In terms of effectiveness as weapons, Spore Mines are decent. Large blast and S4 mean the potential to wound pretty much any troops in the game and Barrage and AP4 mean that any kind of horde force is going to have a real problem with them. Even Marines can't completely shrug them off, as Pinning anytime a casualty is caused quickly becomes problematic.

So is 10pts/model worth the disruption of enemy deployment? It depends. With the prevalence of mech forces Spore Mines lose a lot of effectiveness, although denying a key piece of cover to some boxy Rhinos or Land Raiders can be a decent accomplishment, even if they do nothing else. However, their random placement and limited damage potential mean that they are never going to be a major consideration for a competitive force. However, they aren't terrible, and if you're looking to have some fun and mess with opponents they can work quite well.

4 pinkments:

Chumbalaya said...

Raveners I liken to Fiends, only they don't have EW or H&R :(

AbusePuppy said...

You don't have to wait until turn 3 for them to randomly show up on the worst place on the board, either. (Unless you're stupid.)

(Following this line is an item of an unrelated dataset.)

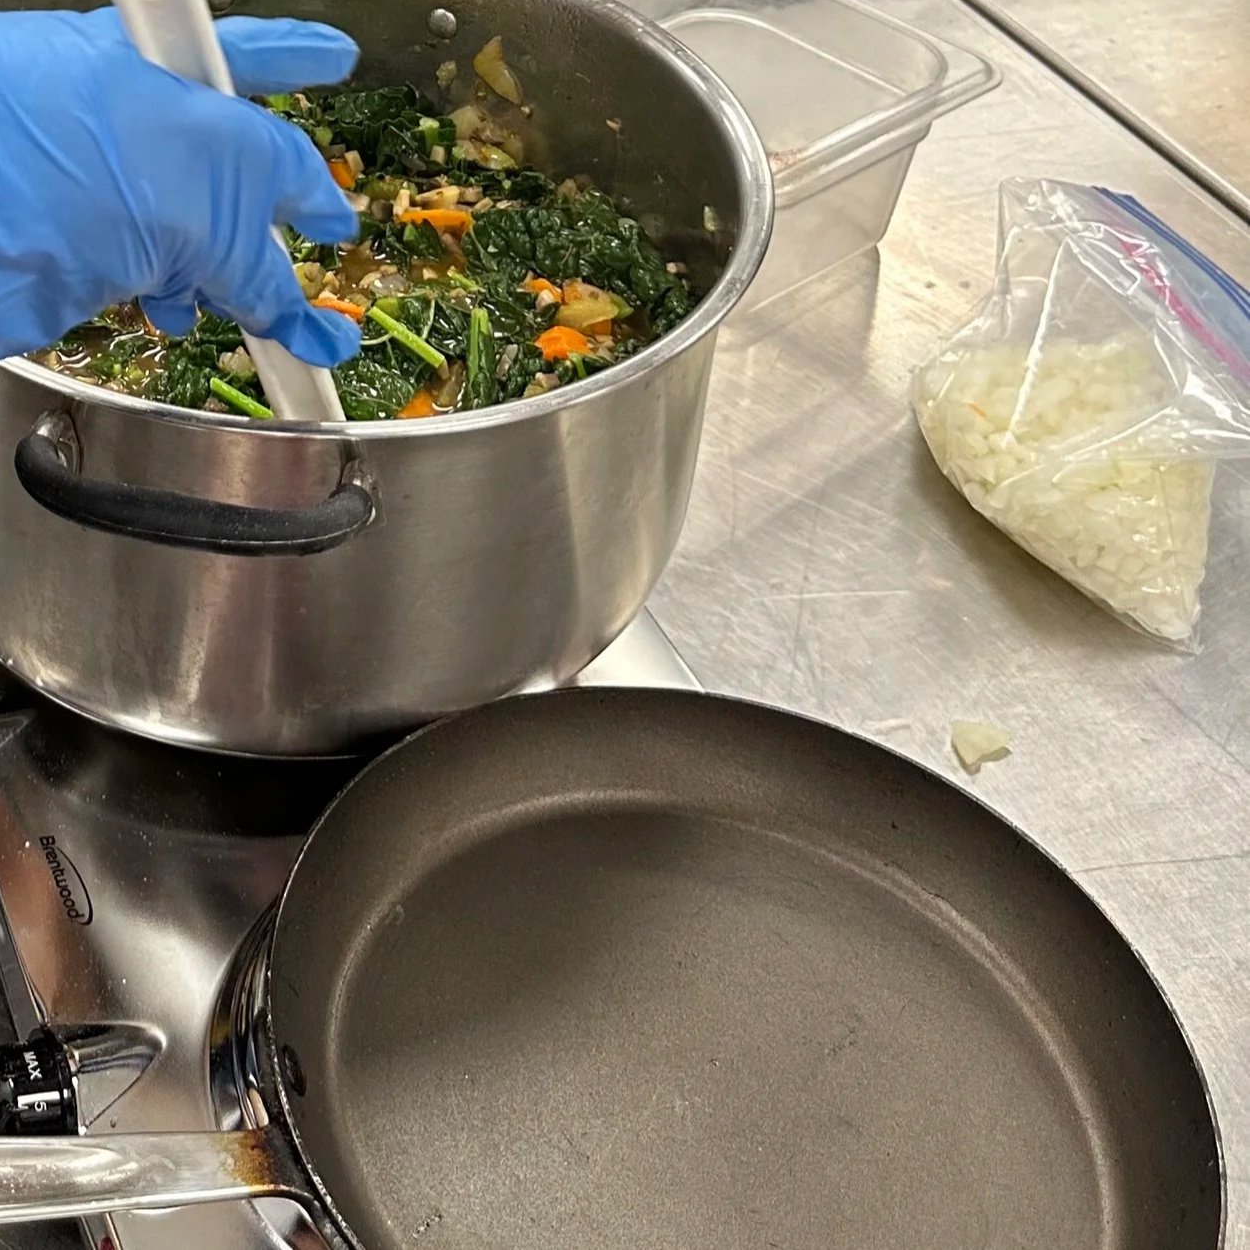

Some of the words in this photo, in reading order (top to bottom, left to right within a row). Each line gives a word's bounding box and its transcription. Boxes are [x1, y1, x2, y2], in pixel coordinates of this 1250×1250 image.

[38, 834, 86, 920] Brentwood
[22, 1050, 43, 1081] MAX
[34, 1100, 48, 1112] 5

I need to try out Raveners some more, I liked them far more than was healthy last edition, and they're a lot better this time around. Damnit, if only they could take Toxin Sacs. ><

MagicJuggler said...

Autocannons are problematic but I would really like to know when was the last time Heavy Bolters were used in great numbers nowadays...really?

AbusePuppy said...

IG gets them on Chimeras and Russes for pretty cheap (not everyone takes the flamer) and Dakka Preds and Baal Preds both are problematic platforms as well.